Interestingly, ISG15 expression was associated with ER status in the initial TMA set (p = 0.028; Additional file 3), but not in the validation TMA set (p = 0.177, Table 2), as oestrogen is known to play a modulatory role in the ISGylation pathway. Indeed the ligating (E3) enzyme, that is a part of the post-translational modification by ISG15, was shown to be oestrogen-responsive [30]. The so-called ISGylation is mediated by a multi-step pathway, comprised of activating (E1), conjugating (E2) and ligating (E3) enzyme components [30]. The oestrogen responsiveness of the ligating (E3) enzyme in the ISGylation pathway is of great importance because ERs play a major role in the regulation of growth, survival and differentiation of normal and malignant breast epithelial cells [31, 32]. Therefore, the determination of breast tumour hormone receptor status is of major importance for therapy selection [33]. Approximately 60 to 80% of all breast cancers abundantly express ERα, but only two-thirds of those patients are responsive to endocrinal treatment (anti-oestrogen therapy). Intriguingly, a proportion of ERα-positive tumours do not respond to hormone treatment at all (de novo resistance) while the majority of those tumours that initially responded to anti-oestrogens eventually become resistant during treatment (acquired resistance). Most ER-resistant tumours remain ERα-positive, suggesting a continued role for ERα in breast cancer cell survival and proliferation [34, 35]. The likely development of ER-resistance during breast cancer treatment with anti-oestrogens emphasises the urgent need for surrogate target molecules that may be able to bypass these resistances. Therefore, ISG15 might be a target molecule in the therapy of drug-resistant breast tumours.

Conclusion

Our analyses showed ISG15 overexpression in human breast carcinomas relative to normal breast tissue at the RNA and protein level indicating that ISG15 may represent a candidate oncogene in human breast cancer.

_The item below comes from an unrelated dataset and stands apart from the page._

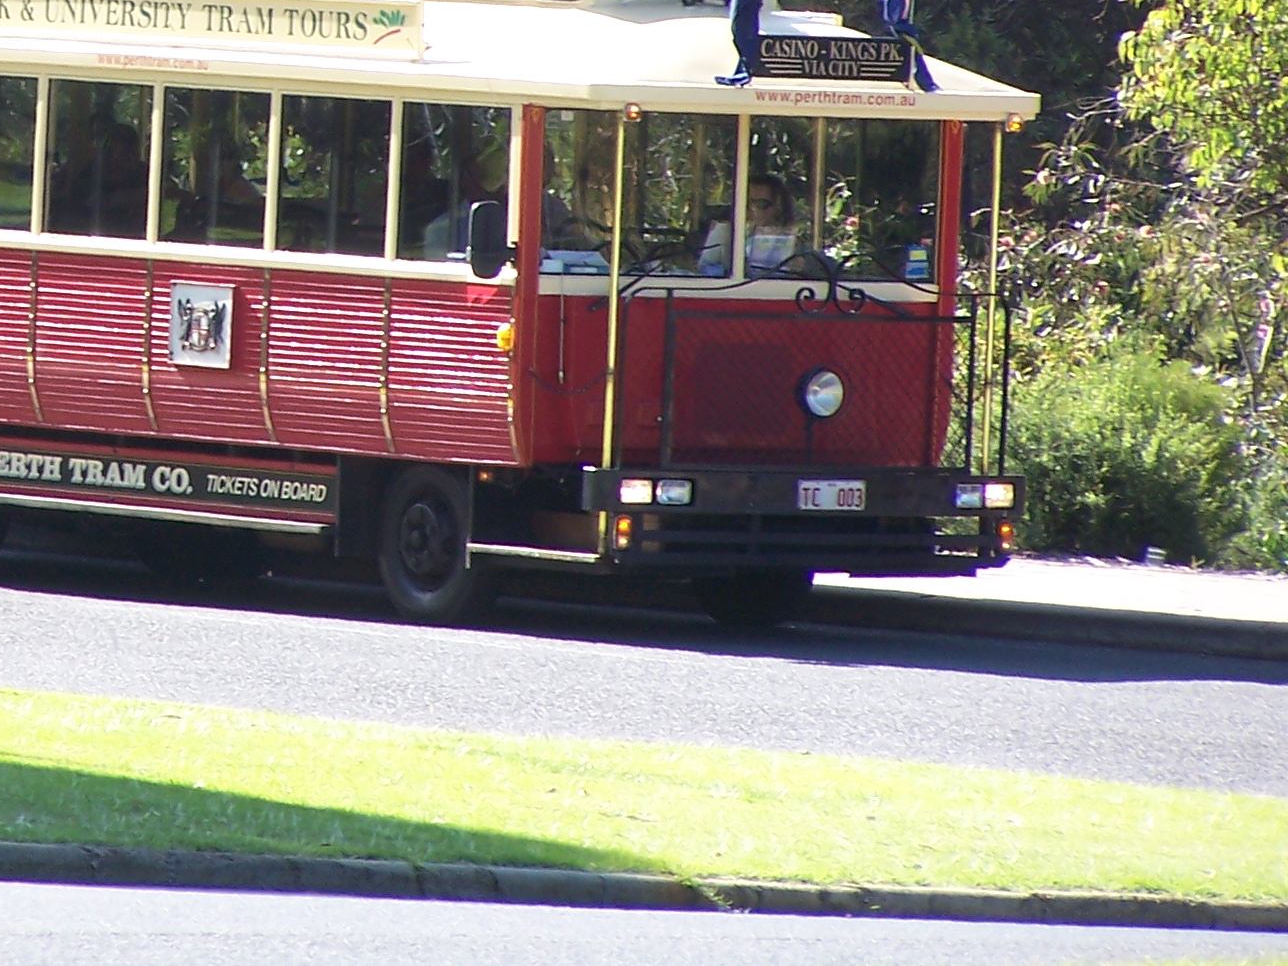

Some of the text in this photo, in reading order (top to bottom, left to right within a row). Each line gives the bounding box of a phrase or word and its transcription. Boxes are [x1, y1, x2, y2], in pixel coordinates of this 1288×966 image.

Interestingly, ISG15 could function as a novel breast tumour marker with prognostic or predictive significance. Recently, microarray experiments determined strong deregulation of ISG15 expression in response to diverse cancer chemotherapeutic agents, for example, paclitaxel in the treatment of ovarian carcinomas or 5-fluorouracil in the therapy of oesophageal cancer. These findings indicate that ISG15 could represent a predictive biomarker in the treatment of these cancers as well. However, the putative function of ISG15 in breast carcinogenesis and in chemotherapeutic response has to be further analysed in prospective studies. As a next step we will investigate whether an ISG15-based diagnostic assay is able to predict response to specific chemotherapy regimens in the treatment of breast cancer.